The prize, aimed at expanding society’s understanding of the causes of Alzheimer’s disease, is the world’s largest of its kind, with $4 million awarded across three categories. As an Oskar Fischer Prize recipient, Swerdlow will receive $300,000.

An expert in brain energy metabolism, Swerdlow’s research focuses on the Mitochondrial Cascade Hypothesis, which represents his effort to tie together a field of work that argues mitochondria play a critical role in the development and progression of Alzheimer’s disease. For Swerdlow, this hypothesis represents the evolution of research he initiated as a medical student at New York University in the 1980s, continued as a neurology resident at the University of Virginia, pursued as a postdoctoral fellow and faculty member at the University of Virginia, and brought with him to the University of Kansas Medical Center in 2007. The hypothesis asserts that deficient brain energy and malfunctioning mitochondria initiate late-onset Alzheimer’s disease. The theory, which has slowly gained traction over the last 15-plus years, runs counter to the longstanding hypothesis that the disease is caused by a buildup of beta-amyloid, a protein that forms plaques, and tangles of a protein called tau, which are always present with Alzheimer’s. 

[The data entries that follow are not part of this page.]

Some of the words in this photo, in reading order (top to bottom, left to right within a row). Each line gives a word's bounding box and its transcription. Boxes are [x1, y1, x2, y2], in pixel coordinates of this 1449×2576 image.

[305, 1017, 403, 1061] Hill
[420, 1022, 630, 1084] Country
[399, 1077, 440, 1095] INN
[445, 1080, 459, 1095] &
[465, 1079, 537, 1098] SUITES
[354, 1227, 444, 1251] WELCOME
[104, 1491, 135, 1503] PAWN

“It is difficult to find words that capture my appreciation and gratitude to the Oskar Fischer Prize Committee for this recognition,” Swerdlow said. “It means so much to me that the committee sees the hypothesis that has guided my research efforts over several decades, the Mitochondrial Cascade Hypothesis, as a serious hypothesis that warrants serious consideration by the broader field.”

In addition to serving as the Gene and Marge Sweeney Professor of Neurology at KU Medical Center, Swerdlow also holds professorships in the departments of Molecular and Integrative Physiology and Biochemistry and Molecular Biology. He directs the KU ADRC, one of 31 Alzheimer’s Disease Research Centers designated by the National Institute on Aging and a world leader in the study of the role of mitochondria in Alzheimer’s disease. Swerdlow previously received the 1997 S. Weir Mitchell Award, a scientific research award from the American Academy of Neurology, and he was the 2014 recipient of the University of Kansas Chancellor’s Club Research Award.

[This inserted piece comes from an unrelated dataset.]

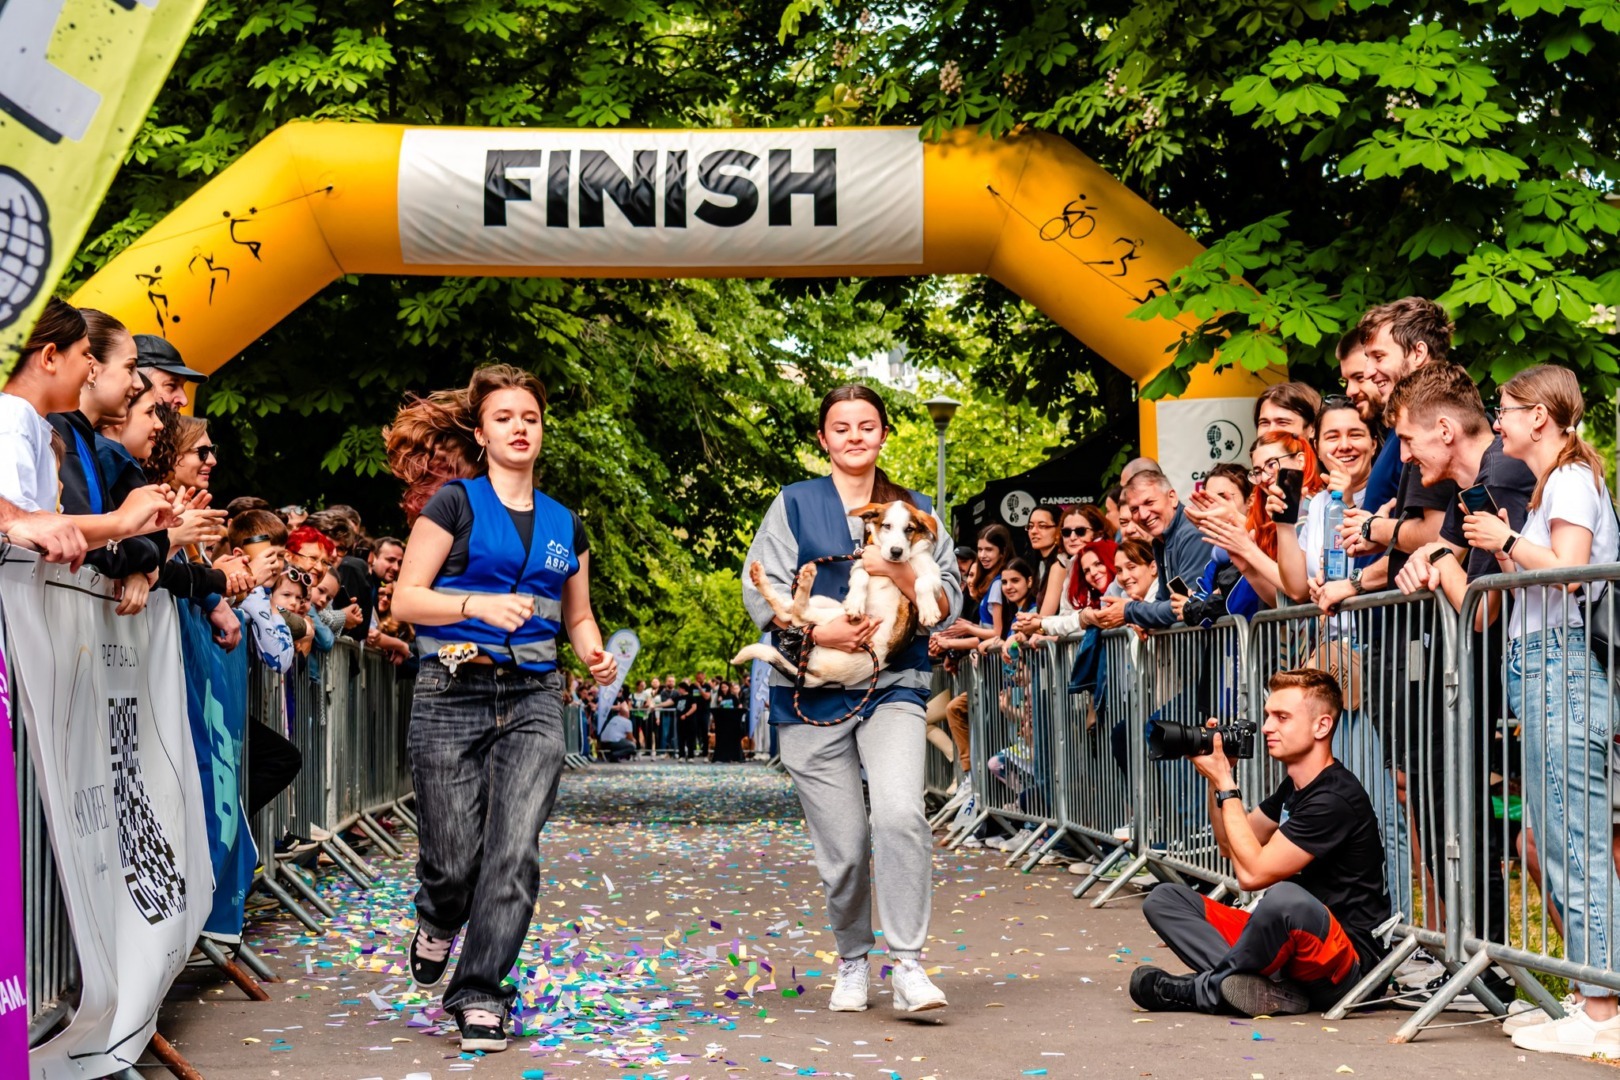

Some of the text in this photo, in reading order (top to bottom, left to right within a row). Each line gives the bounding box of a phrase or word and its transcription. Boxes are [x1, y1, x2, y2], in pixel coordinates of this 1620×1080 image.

[484, 148, 837, 228] FINISH
[1040, 496, 1094, 505] CANICROSS
[545, 555, 569, 572] ASPA
[102, 643, 117, 667] PET

“I also want to thank the mentors, mentees, collaborators, colleagues, and supporters that helped me to conceive, develop and advance the Mitochondrial Cascade Hypothesis,” he said. “I hope it will continue to lead to a better understanding of what drives Alzheimer’s disease, and ultimately to more effective treatments.”

The Oskar Fischer Prize was established in 2019 with a philanthropic gift to the University of Texas at San Antonio from Texas businessman James Truchard, Ph.D. As part of the rigorous competition, entrants were challenged to boil down the breadth of Alzheimer’s research to date into a single explanation for the cause of the disease. The winning entries include unique theories that highlight key aspects of Alzheimer’s and provide new frameworks for potential causes of the disease.

Oskar Fischer was a noted neuroscientist, entrepreneur and businessman who studied dementia and published a paper on the condition in 1907, the same year Alois Alzheimer, the disease’s namesake.